By Dr. Hanish Gupta, Internal Medicine
The human body is controlled by chemicals known as hormones, which are secreted by small internal organs known as endocrine glands. These hormones act as catalysts and control the body’s metabolism. One of the most important endocrine organs is the thyroid gland which secretes two hormones T3 and T4.
The major disorders of the thyroid gland are related to increased or decreased amounts of secretion – causing hyperthyroidism or hypothyroidism.
- Graves’ disease, which is an autoimmune condition.
- Toxic nodules which are localized areas of increased production of the hormone.
- The pituitary gland, which is the master endocrine gland, can malfunction and affect thyroid function.
Symptoms: These symptoms relate to increased metabolism, and include:
- Increased heart rate and palpitations
- Severe fatigue
- Excessive perspiration
- Bulging of the eyes
- Intolerance for heat
- Increased frequency of bowel movement
- Weight loss
- Nervousness and anxiety
Hypothyroidism: This is a condition where there is reduced amounts of thyroid hormone in circulation.
- Autoimmune Hashimoto’s thyroiditis
- Surgical removal of the thyroid gland
- Iodine deficiency which affects adequate production of the hormone
- Lithium-containing drugs which are used in treating neurologic conditions also can affect thyroid hormone production.

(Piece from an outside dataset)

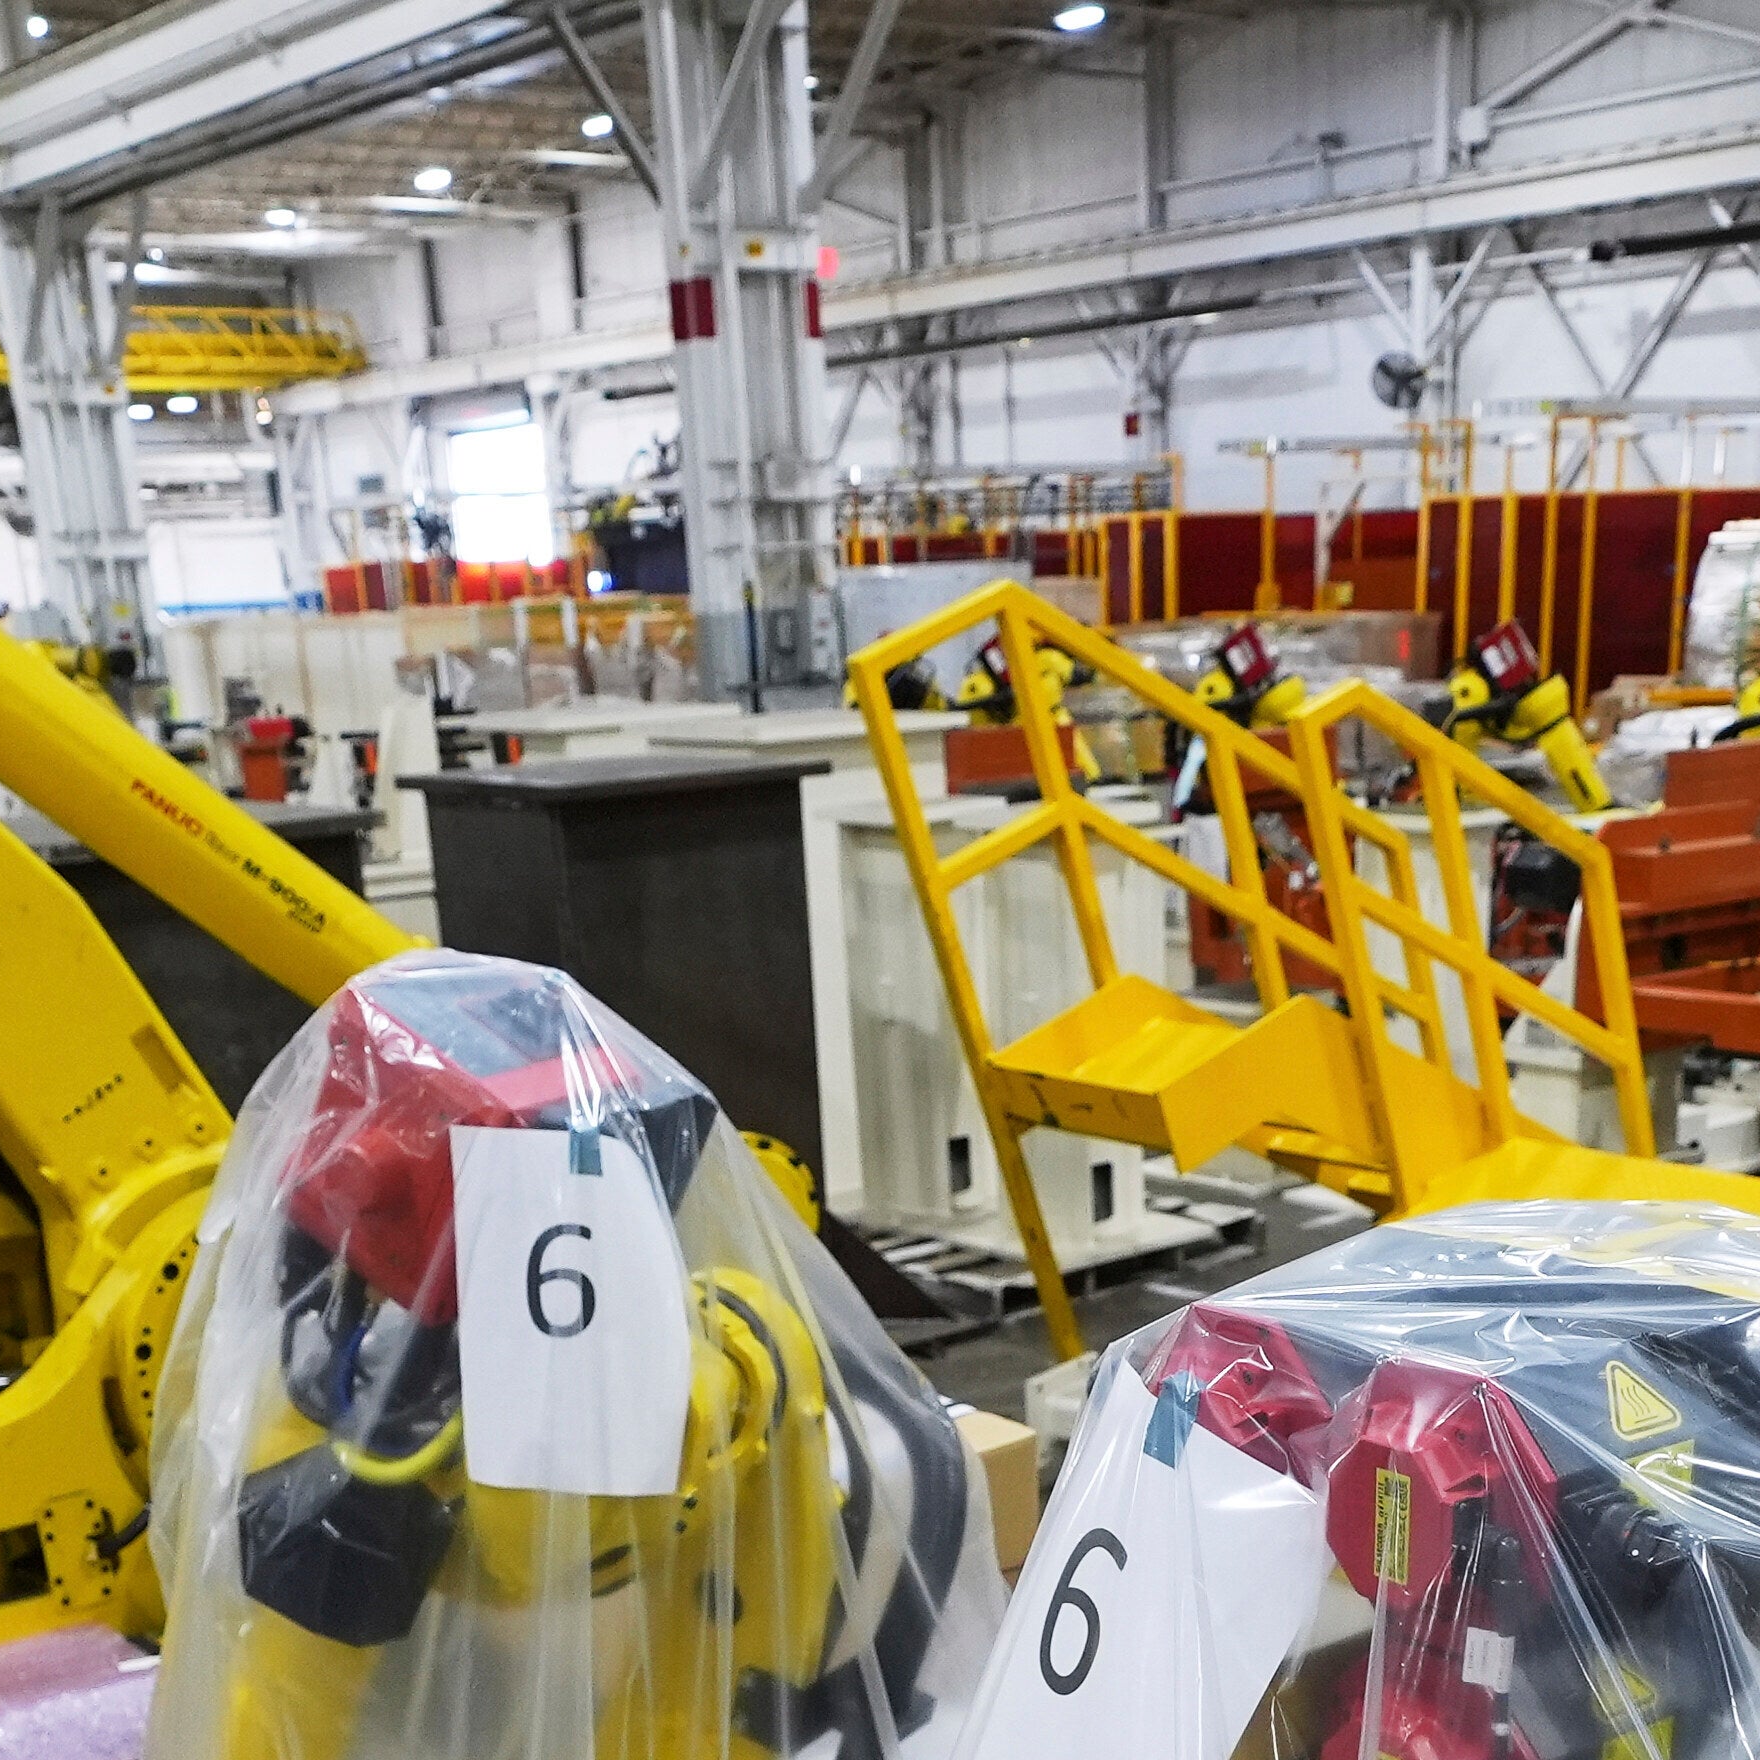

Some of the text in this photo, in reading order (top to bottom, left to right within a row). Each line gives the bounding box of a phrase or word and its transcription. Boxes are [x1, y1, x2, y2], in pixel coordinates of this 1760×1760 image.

[132, 779, 201, 835] FANUC
[526, 1223, 597, 1337] 6
[1039, 1527, 1128, 1695] 6

- Lump in front of the neck, shaped like a butterfly
- Intolerance to cold and feeling cold all the time
- Extreme fatigue
- Drying of skin and mucous membranes
- Chronic constipation
- Weight gain
- Fluid retention leading to swollen joints and muscles
- Hair loss
- Poor concentration and feeling lost
- Menstrual disorders and infertility in women
Thyroid nodules and cancer: Nodules are extra growths within the gland which can be benign cysts, tumours, or cancers. While small ones can be harmless and present with no symptoms, larger ones can press on the surrounding organs and cause symptoms accordingly, including hoarse voice and breathing difficulty.
Diagnosis: Most thyroid disorders are diagnosed by a combination of presenting signs, physical exam, clinical testing, and radioactive imaging including x-rays and CT scans or ultrasound.
In very rare cases, biopsy and fine needle aspiration may be required, if tumours are suspected.
- Hypothyroidism: Hypothyroidism is very common in women, and the presenting symptoms are very characteristic of the condition. Thyroid supplementation is usually the preferred treatment of choice, and the dosage would depend on the severity of the symptoms. The treatment needs to be continued for a lifetime, and dosage adjusted if required. Because there is iodine deficiency linked to the condition, common salt is fortified with iodine in many countries to help prevent the condition.
- Hyperthyroidism: Small areas of hyperproduction can be surgically removed to control the amount of hormone produced. Radioactive iodine is also used to control hormone production. Beta-blockers are useful in controlling symptoms of increased heart rate and high blood pressure.